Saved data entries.
Content starts
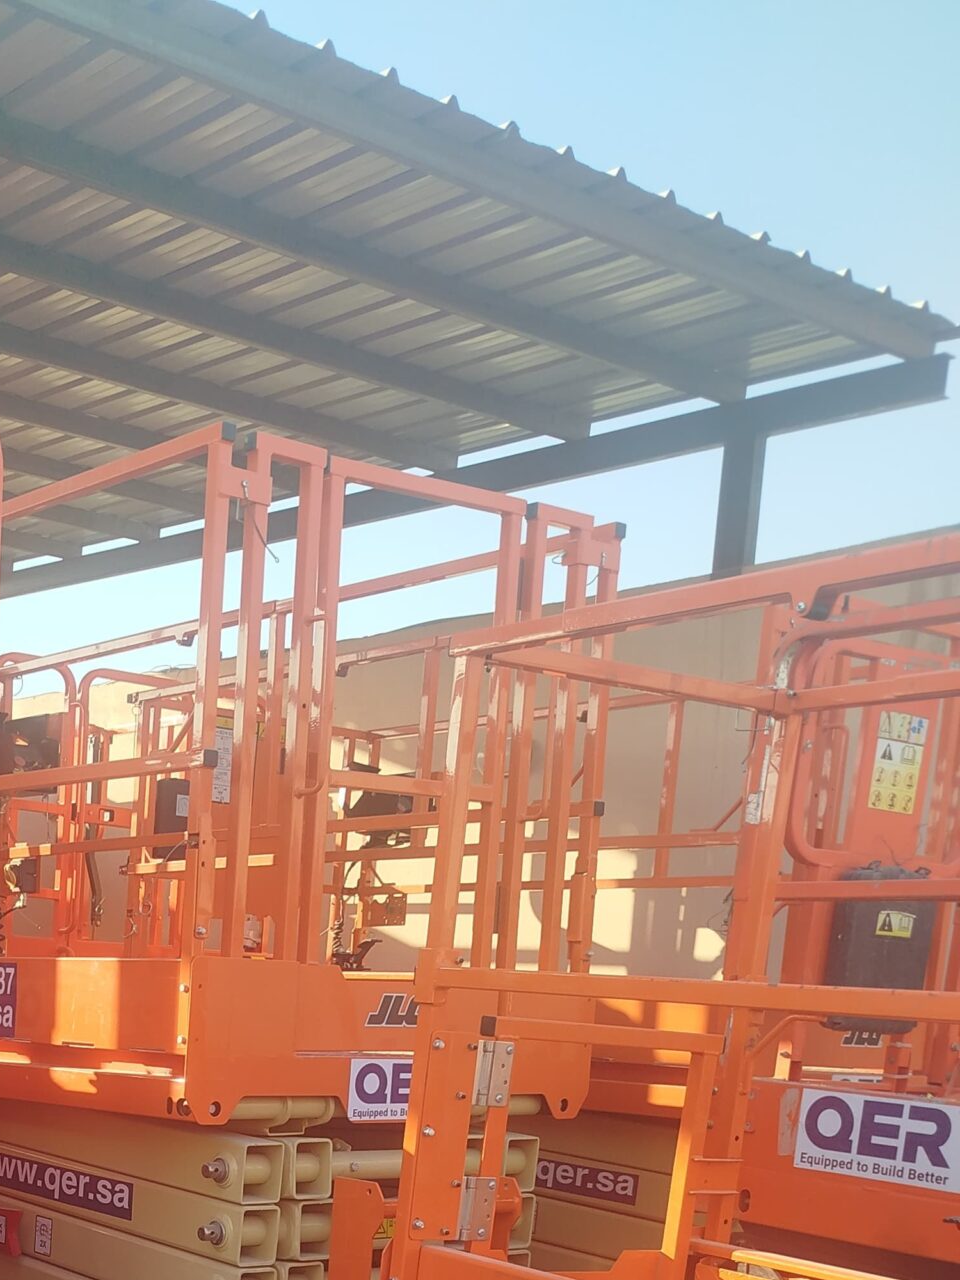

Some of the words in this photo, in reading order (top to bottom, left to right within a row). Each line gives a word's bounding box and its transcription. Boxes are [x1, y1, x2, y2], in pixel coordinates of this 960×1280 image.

[352, 1108, 388, 1119] Equipped
[390, 1108, 398, 1117] to
[805, 1095, 952, 1169] QER
[800, 1152, 853, 1170] Equipped
[856, 1160, 868, 1172] to
[872, 1163, 904, 1178] Build
[908, 1169, 949, 1185] Better
Content ends
To do. In your answer, repeat all the entries exactly, but leave out the pictures.

Problem solution.
Some of the words in this photo, in reading order (top to bottom, left to right within a row). Each line gives a word's bounding box and its transcription. Boxes are [x1, y1, x2, y2], in pixel coordinates of this 960×1280 image.

[352, 1108, 388, 1119] Equipped
[390, 1108, 398, 1117] to
[805, 1095, 952, 1169] QER
[800, 1152, 853, 1170] Equipped
[856, 1160, 868, 1172] to
[872, 1163, 904, 1178] Build
[908, 1169, 949, 1185] Better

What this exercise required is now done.